Directions>
Each line below must be reproduced exactly as it stands. Pictures stay out of the copy.

-- Available data follows --

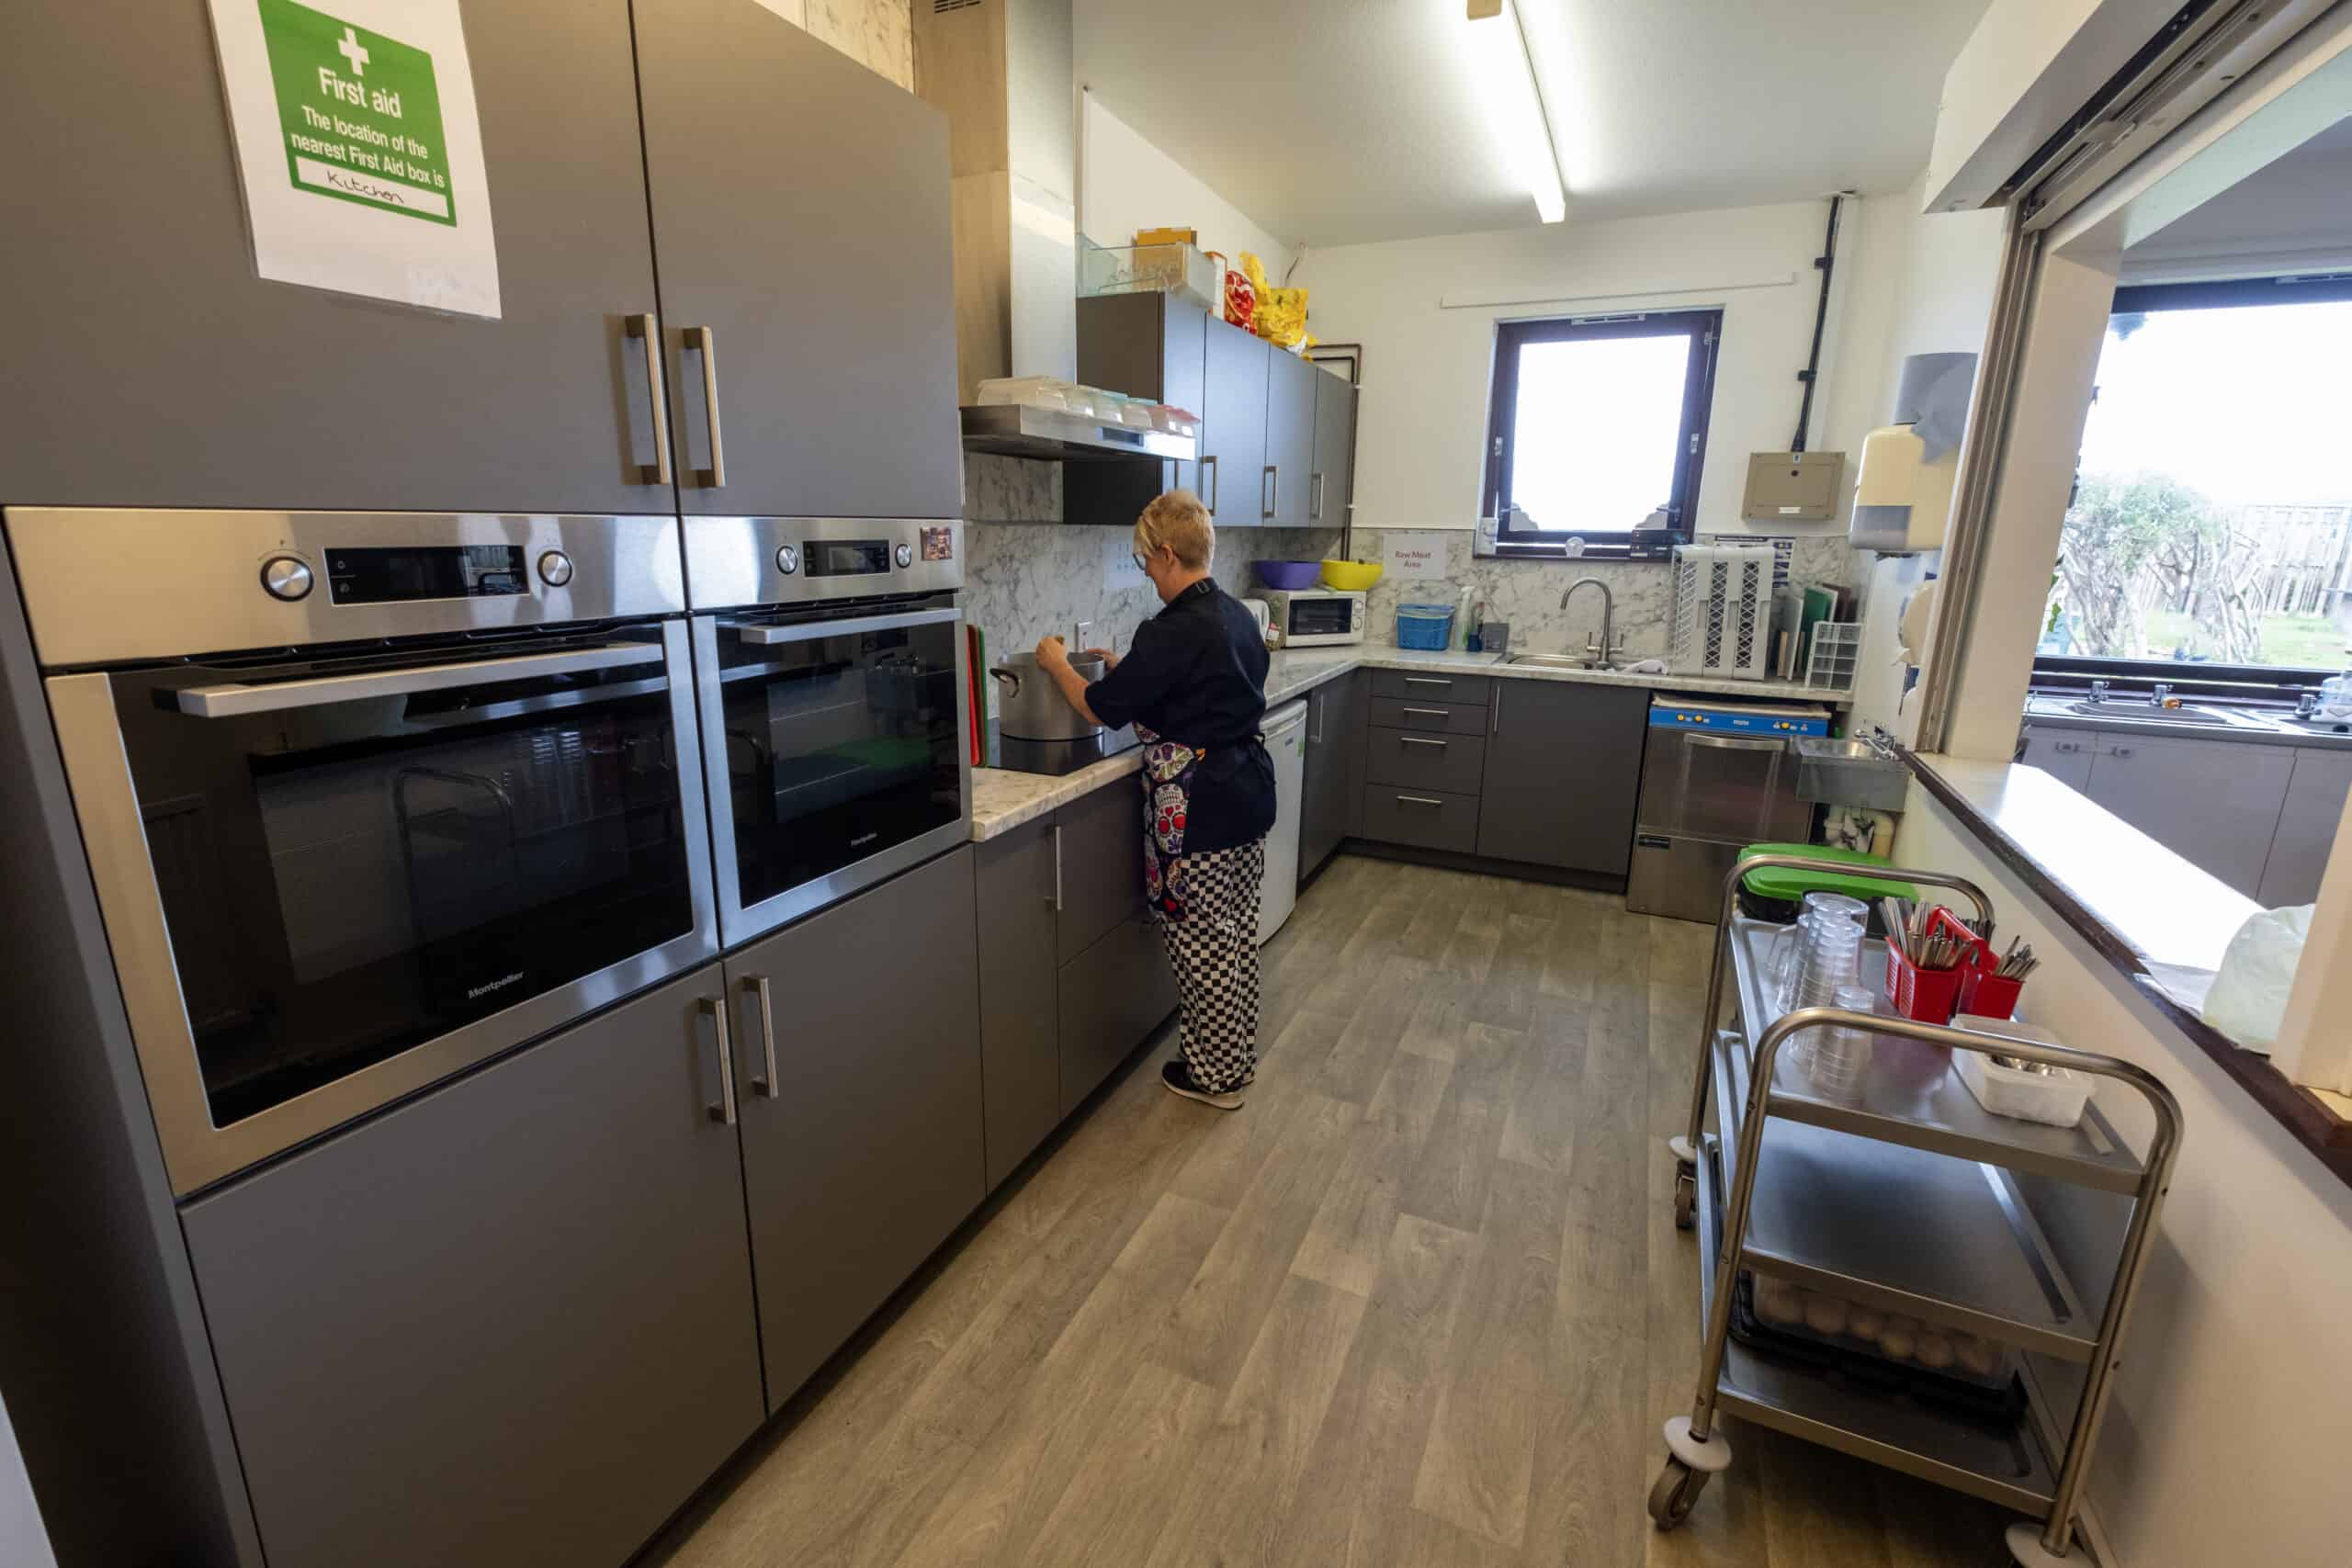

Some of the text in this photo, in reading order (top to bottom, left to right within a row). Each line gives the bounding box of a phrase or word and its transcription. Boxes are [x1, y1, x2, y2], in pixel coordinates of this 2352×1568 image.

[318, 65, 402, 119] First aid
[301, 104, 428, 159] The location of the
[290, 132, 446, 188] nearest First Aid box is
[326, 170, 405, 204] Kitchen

-- Available data concluded --

Exercise output>
Some of the text in this photo, in reading order (top to bottom, left to right within a row). Each line gives the bounding box of a phrase or word and its transcription. Boxes are [x1, y1, x2, y2], in pixel coordinates of this 2352×1568 image.

[318, 65, 402, 119] First aid
[301, 104, 428, 159] The location of the
[290, 132, 446, 188] nearest First Aid box is
[326, 170, 405, 204] Kitchen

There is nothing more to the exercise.